WannaCry ransomware outbreak
On Friday 13 May 2017, news broke in the mainstream media about a major outbreak of WannaCryptor ransomware affecting multiple countries around the world. F-Secure has been closely monitoring the situation and ensuring that thier products can handle the threat accordingly. This communiqué contains more information about WannaCryptor, how it affects users and steps that administrators can take to improve the security of machines under their care.
The WannaCry threat was reported affecting national hospitals, telecommunications companies, public transportation facilities and other public services and was variously known as WannaCryptor, WannaCry, WannaCrypt and WCry.

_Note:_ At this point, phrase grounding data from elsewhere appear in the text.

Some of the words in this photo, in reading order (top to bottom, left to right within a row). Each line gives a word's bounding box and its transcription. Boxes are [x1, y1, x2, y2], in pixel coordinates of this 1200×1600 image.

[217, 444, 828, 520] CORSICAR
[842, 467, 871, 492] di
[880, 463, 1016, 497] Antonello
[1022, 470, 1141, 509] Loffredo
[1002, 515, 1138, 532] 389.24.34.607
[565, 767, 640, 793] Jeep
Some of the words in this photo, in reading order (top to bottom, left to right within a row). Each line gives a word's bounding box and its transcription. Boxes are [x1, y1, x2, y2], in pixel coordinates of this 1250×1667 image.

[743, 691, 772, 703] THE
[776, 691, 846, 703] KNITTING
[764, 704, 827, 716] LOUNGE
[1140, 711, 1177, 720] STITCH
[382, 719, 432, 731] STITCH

About 300 000 computers were affected worldwide by the attack with demands for $300 ransom money to be paid within 48 hours, after which the price doubled to $600 and failing paying this the encryption key would be deleted. Approximately US$80 000 was paid as ransom in Bitcoin to the attackers by Friday 19 May, the deadline given by the attackers for payments to be made before the encryption keys were purportedly deleted. Statistics from F-Secure Labs’ telemetry data indicate that only a small handful of the F-Secure product users globally have reported encounters with this threat, which were successfully identified and blocked. The impact of having even one machine infected with WannaCryptor can be significant for an affected organization.

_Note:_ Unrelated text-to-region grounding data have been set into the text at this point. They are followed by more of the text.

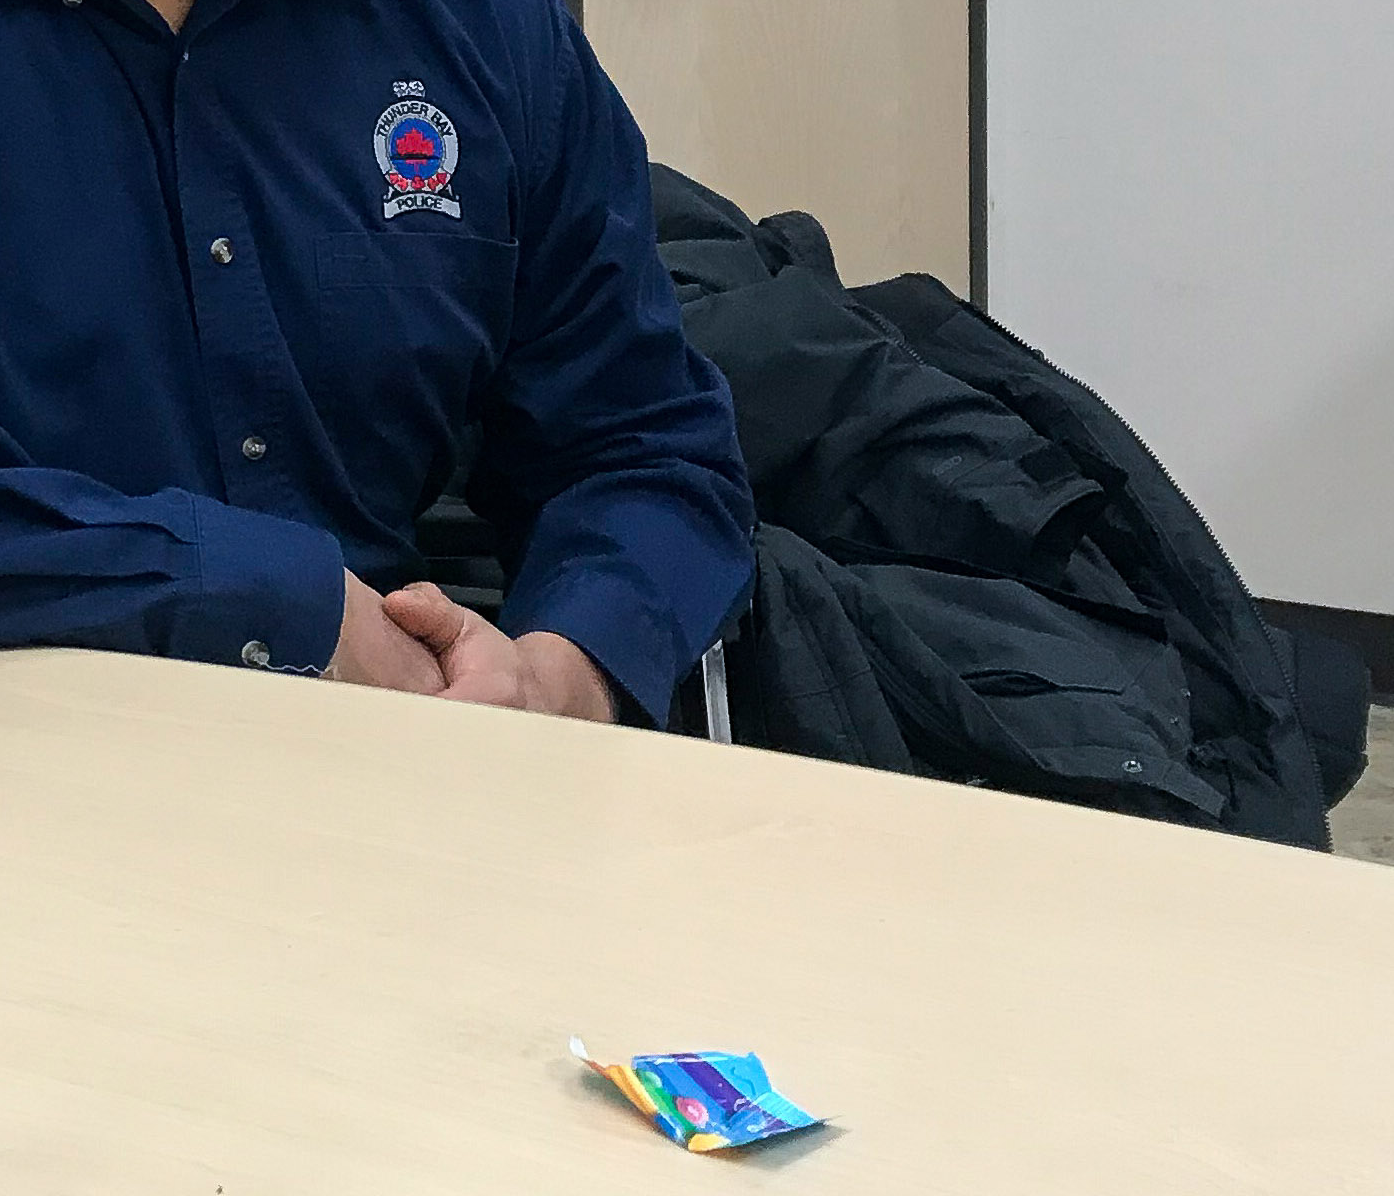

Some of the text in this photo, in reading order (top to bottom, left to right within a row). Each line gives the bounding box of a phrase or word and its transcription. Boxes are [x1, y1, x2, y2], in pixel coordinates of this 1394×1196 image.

[376, 103, 454, 137] THUNDER BAY
[395, 196, 443, 210] POLICE
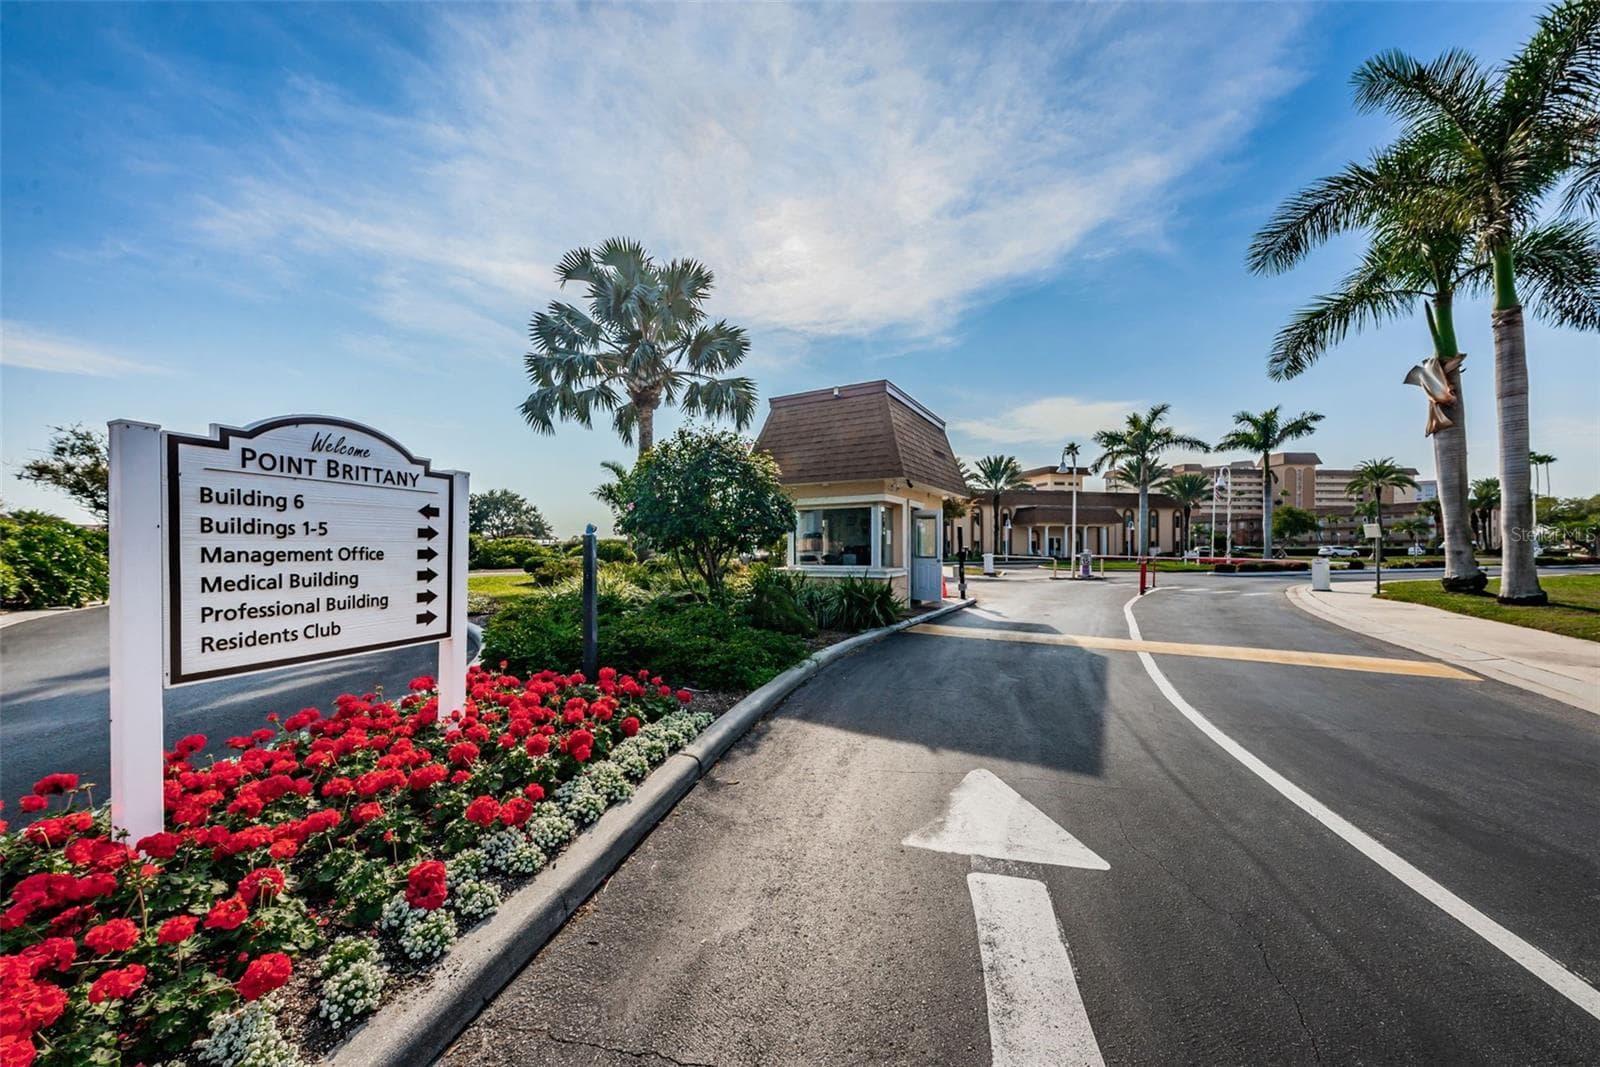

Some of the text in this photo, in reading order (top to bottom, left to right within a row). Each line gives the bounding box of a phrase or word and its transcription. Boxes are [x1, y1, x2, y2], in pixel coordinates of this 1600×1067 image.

[311, 431, 371, 458] Welcome
[240, 447, 420, 488] POINT BRITTANY
[200, 486, 305, 512] Building 6
[200, 516, 329, 539] Buildings 1-5
[200, 546, 385, 566] Management Office
[201, 571, 360, 593] Medical Building
[201, 594, 390, 623] Professional Building
[201, 622, 342, 653] Residents Club

WannaCryptor is ransomware – a malicious program that’s used to extort money from an affected user or organization. WannaCryptor does this by encrypting all files on a vulnerable machine so that the user is unable to access them and then demanding payment for a decryption key to restore the files to normal. As with all such ransomware (also known as crypto-ransomware), decryption of affected files without the necessary decryption key is extremely difficult, making removal or remediation a significant challenge. As such, we recommend that all precautionary measures are taken to prevent the initial infection (see page 4, Actions). If an infection occurs, we recommend restoring all affected files from clean backups rather than paying the ransom demanded.
The binary file for the WannaCryptor ransomware is distributed to vulnerable Windows endpoints by a dropper that exploits the CVE-2017-0145 vulnerability in Microsoft’s SMB file-sharing services. This dropper is able to scan for vulnerable Internet-connected Windows machines that can be exploited. It is also able to scan the local area network (LAN) associated with any infected machines for other vulnerable systems, potentially magnifying its impact on an organization.

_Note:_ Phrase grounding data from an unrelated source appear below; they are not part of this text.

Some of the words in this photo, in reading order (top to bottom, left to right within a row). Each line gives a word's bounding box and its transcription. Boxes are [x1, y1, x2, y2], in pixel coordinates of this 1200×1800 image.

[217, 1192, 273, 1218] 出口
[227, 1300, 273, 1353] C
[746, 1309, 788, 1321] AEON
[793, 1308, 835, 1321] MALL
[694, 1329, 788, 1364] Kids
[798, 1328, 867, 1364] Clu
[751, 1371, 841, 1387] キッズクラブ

The exploit code used to leverage the CVE-2017-0145 vulnerability is notable for being publicly exposed in a leak of data allegedly stolen from the American National Security Agency (NSA) and posted online by hacking group The Shadow Brokers. A patch for the CVE-2017-0145 vulnerability has already been released in the March 2017 MS017-010 Security Bulletin published by Microsoft for all supported versions of Windows. All unpatched systems remain vulnerable and therefore can be attacked. As of the time of writing, machines using Windows 10 updated with all patches are not susceptible to this attack.
Once the WannaCryptor ransomware binary file has been dropped onto a vulnerable machine, it looks for and encrypts files so that users cannot access or use them in any way. The encryption is performed using the AES 128-bit encryption algorithms, which are extremely difficult to break. WannaCryptor looks for 179 different file types to encrypt, including .jpg, .xls, .doc, .dot, .gif, .jar, .mdb, .ppt, .rar and .zip files.
As of the time of writing, F-Secure detects all known variants of the WannaCryptor ransomware with a combination of generic detections and family-specific detections. Some of the detections were added prior to the outbreak and later renamed to reflect WannaCryptor’s latest development.
Once all files on the machine are encrypted, a ransom demand is displayed. Screenshots and video of the ransowmare in action are available on F-Secure’s public blogpost. The ransom demanded is payable in the Bitcoin digital cryptocurrency. Depending on the data contained in the affected files, the number of machines affected in an organization’s network, and the ease of restoring the files from clean backups, the impact of a WannaCryptor infection can range from mild to severe.